- _What the task asks_
Return the data below exactly as given, except for the images.

- _Input data_
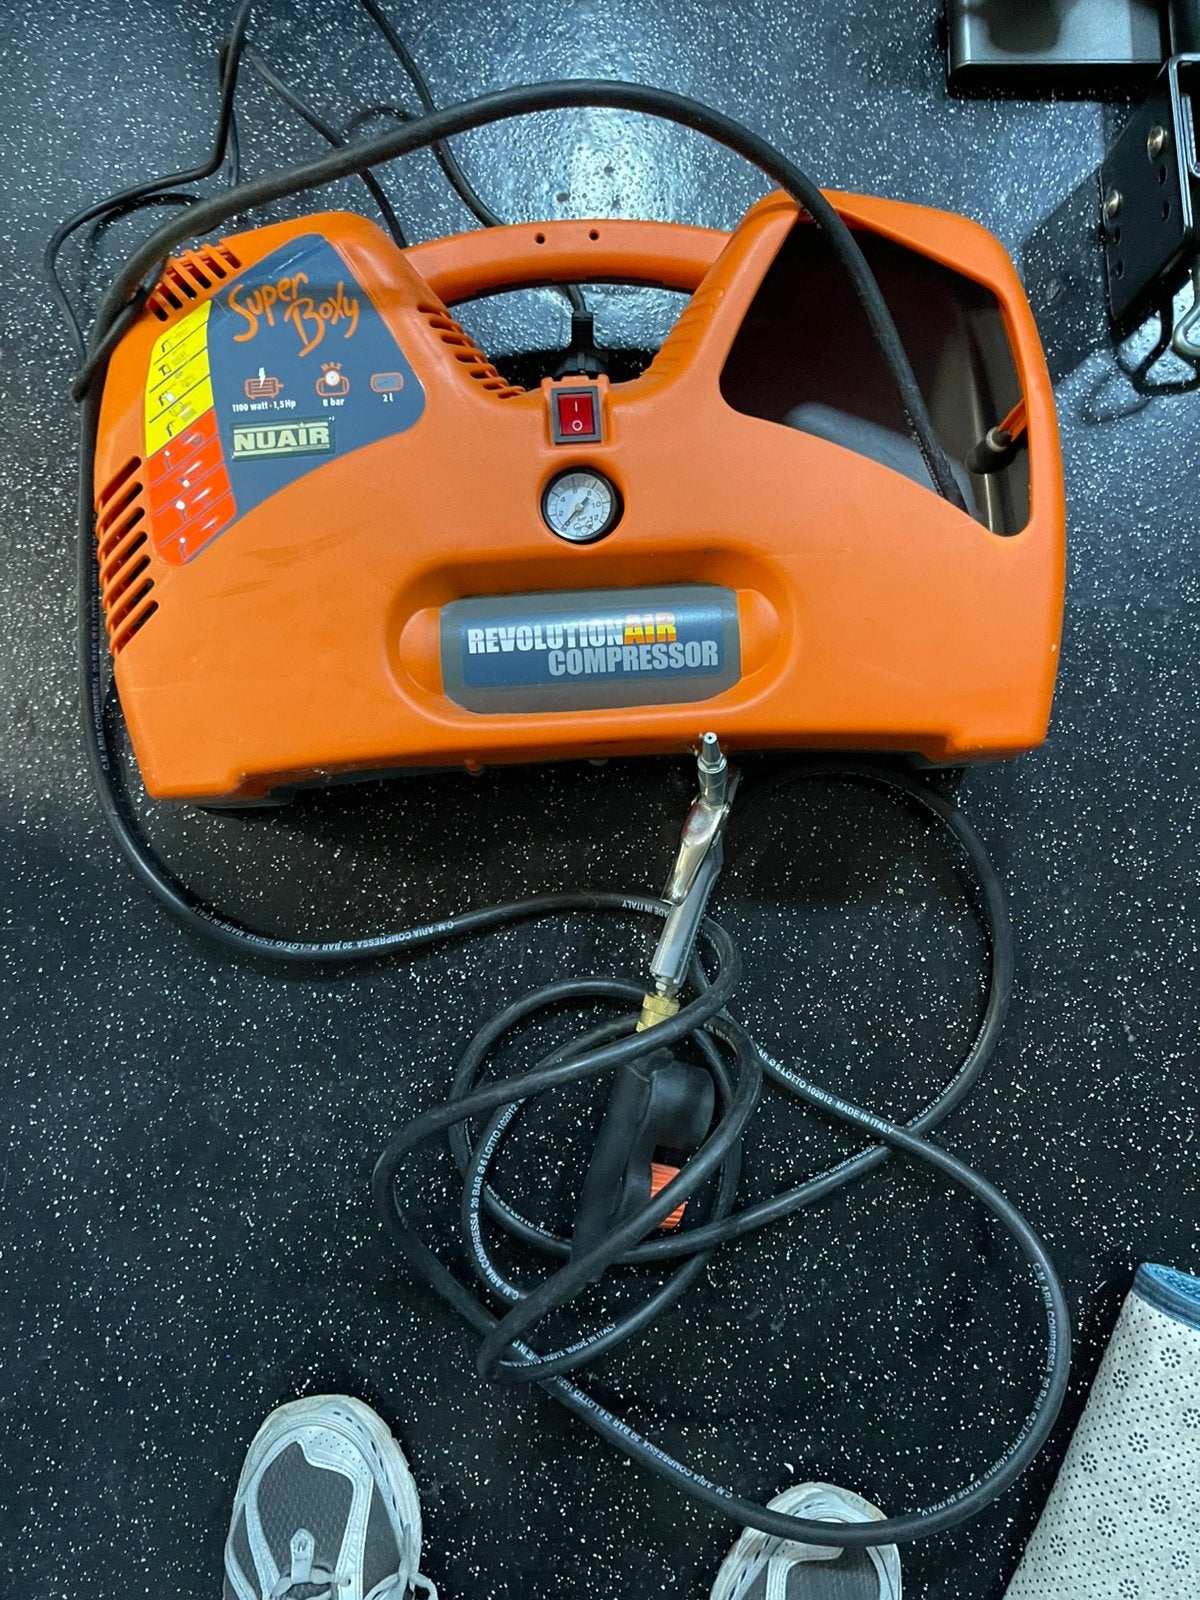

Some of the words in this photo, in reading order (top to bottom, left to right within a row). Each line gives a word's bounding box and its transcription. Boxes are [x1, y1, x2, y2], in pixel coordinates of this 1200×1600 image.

[228, 272, 309, 342] Super
[284, 281, 359, 358] Boxy
[232, 404, 249, 412] 1100
[250, 401, 268, 411] watt
[323, 398, 328, 406] 8
[330, 397, 345, 406] bar
[233, 422, 330, 451] NUAIR
[548, 640, 718, 677] COMPRESSOR
[622, 899, 643, 911] ITALY
[357, 932, 412, 948] COMPRESSA
[412, 928, 433, 938] ARIA
[781, 1067, 806, 1088] LOTTO
[806, 1085, 833, 1105] 102012
[835, 1101, 860, 1117] MADE
[860, 1110, 871, 1123] IN
[870, 1115, 894, 1135] ITALY
[497, 1103, 518, 1130] 102012
[482, 1130, 501, 1159] LOTTO
[472, 1176, 483, 1196] BAR
[470, 1197, 479, 1208] 20
[470, 1212, 489, 1268] COMPRESSA
[486, 1266, 503, 1287] ARIA
[1041, 1285, 1053, 1309] ARIA
[596, 1322, 616, 1338] ITALY
[1046, 1310, 1056, 1372] COMPRESSA
[573, 1390, 600, 1412] LOTTO
[613, 1419, 631, 1435] BAR
[643, 1440, 692, 1477] COMPRESSA
[693, 1474, 714, 1488] ARIA
[958, 1479, 982, 1500] MADE
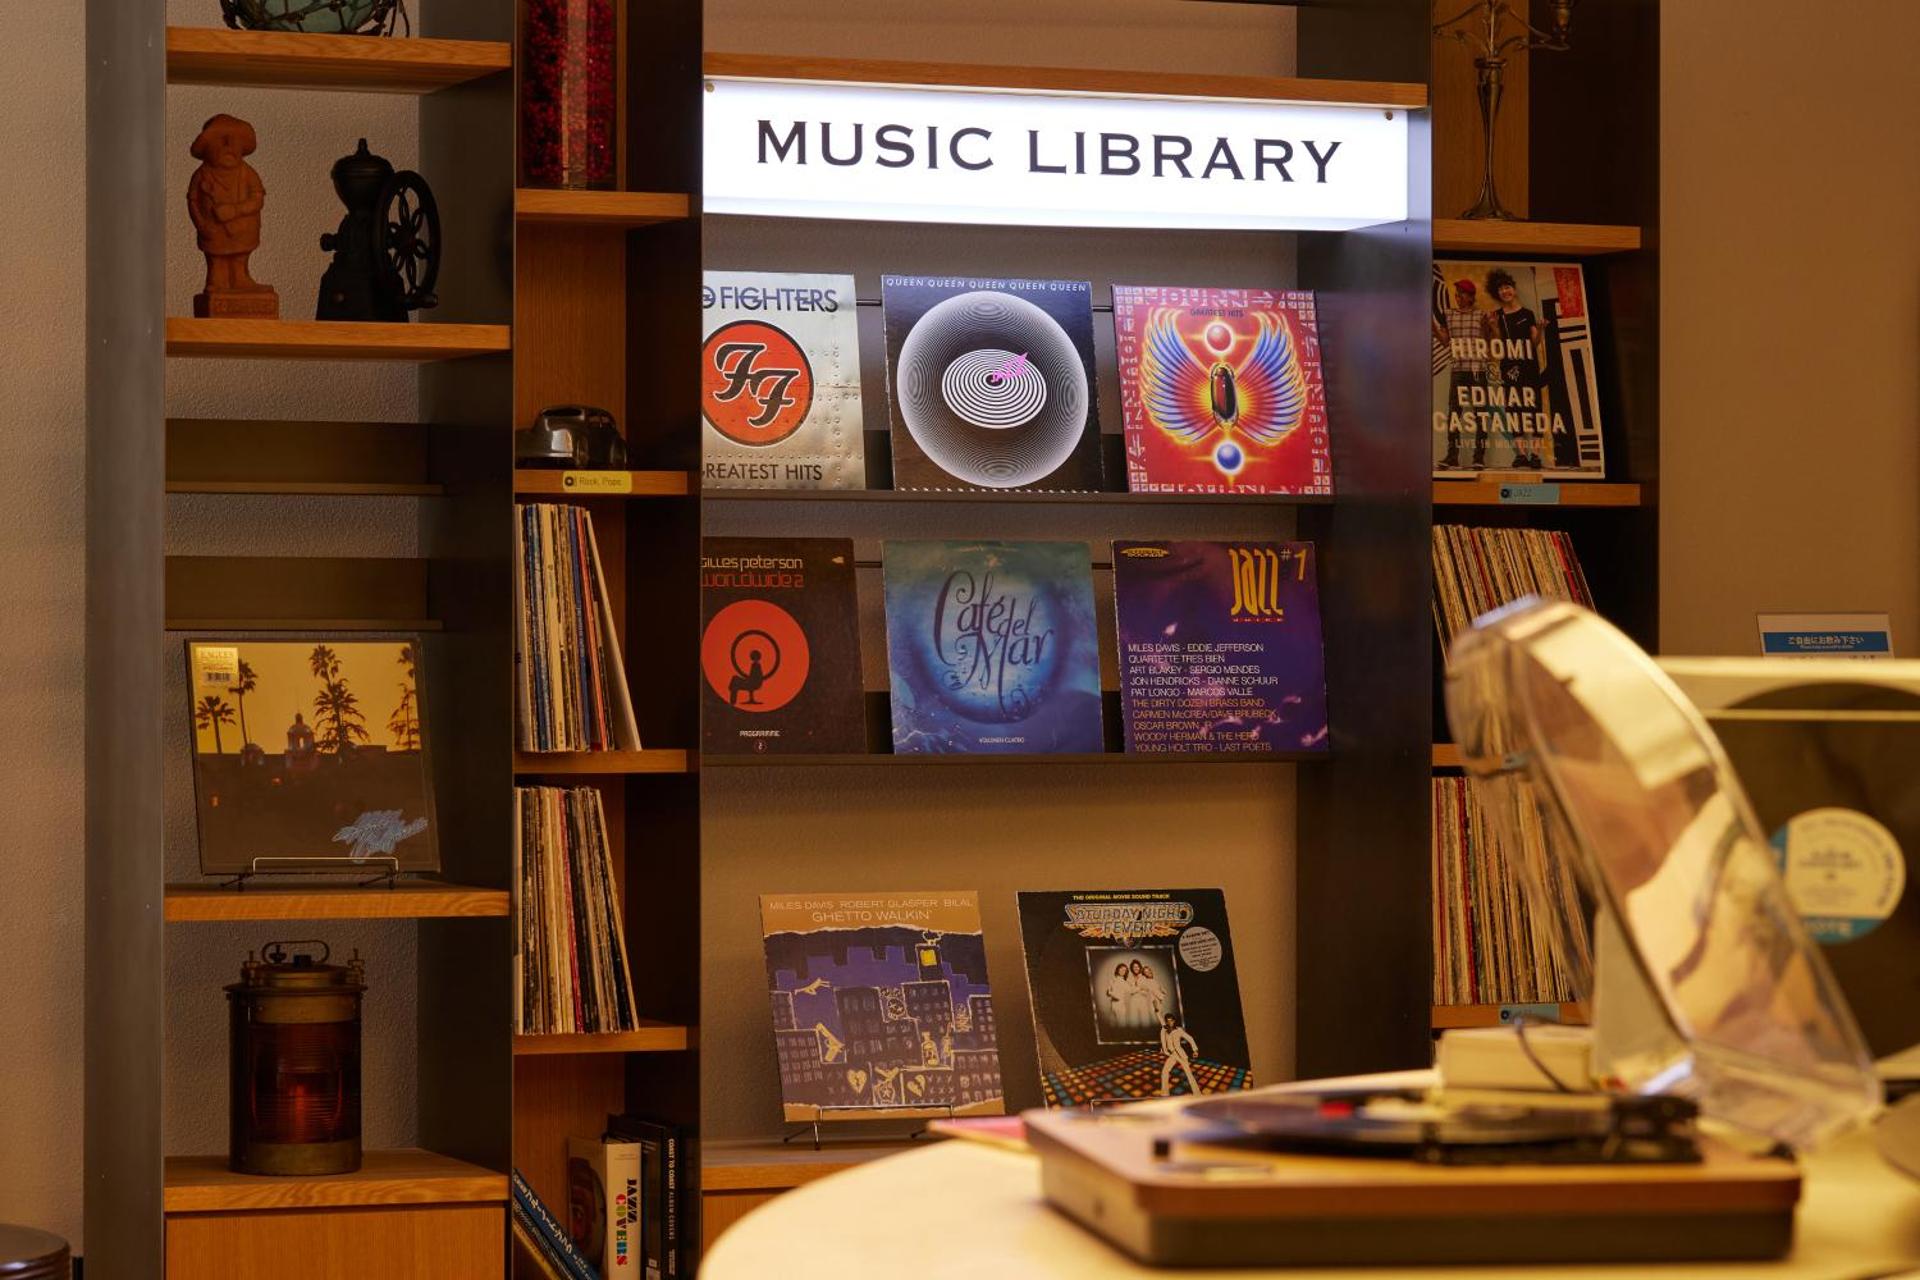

- _Result below_
Some of the words in this photo, in reading order (top to bottom, left to right within a row). Each line gives a word's bounding box and its transcription. Boxes are [x1, y1, x2, y2], in pixel coordinates of this 1200×1600 image.

[228, 272, 309, 342] Super
[284, 281, 359, 358] Boxy
[232, 404, 249, 412] 1100
[250, 401, 268, 411] watt
[323, 398, 328, 406] 8
[330, 397, 345, 406] bar
[233, 422, 330, 451] NUAIR
[548, 640, 718, 677] COMPRESSOR
[622, 899, 643, 911] ITALY
[357, 932, 412, 948] COMPRESSA
[412, 928, 433, 938] ARIA
[781, 1067, 806, 1088] LOTTO
[806, 1085, 833, 1105] 102012
[835, 1101, 860, 1117] MADE
[860, 1110, 871, 1123] IN
[870, 1115, 894, 1135] ITALY
[497, 1103, 518, 1130] 102012
[482, 1130, 501, 1159] LOTTO
[472, 1176, 483, 1196] BAR
[470, 1197, 479, 1208] 20
[470, 1212, 489, 1268] COMPRESSA
[486, 1266, 503, 1287] ARIA
[1041, 1285, 1053, 1309] ARIA
[596, 1322, 616, 1338] ITALY
[1046, 1310, 1056, 1372] COMPRESSA
[573, 1390, 600, 1412] LOTTO
[613, 1419, 631, 1435] BAR
[643, 1440, 692, 1477] COMPRESSA
[693, 1474, 714, 1488] ARIA
[958, 1479, 982, 1500] MADE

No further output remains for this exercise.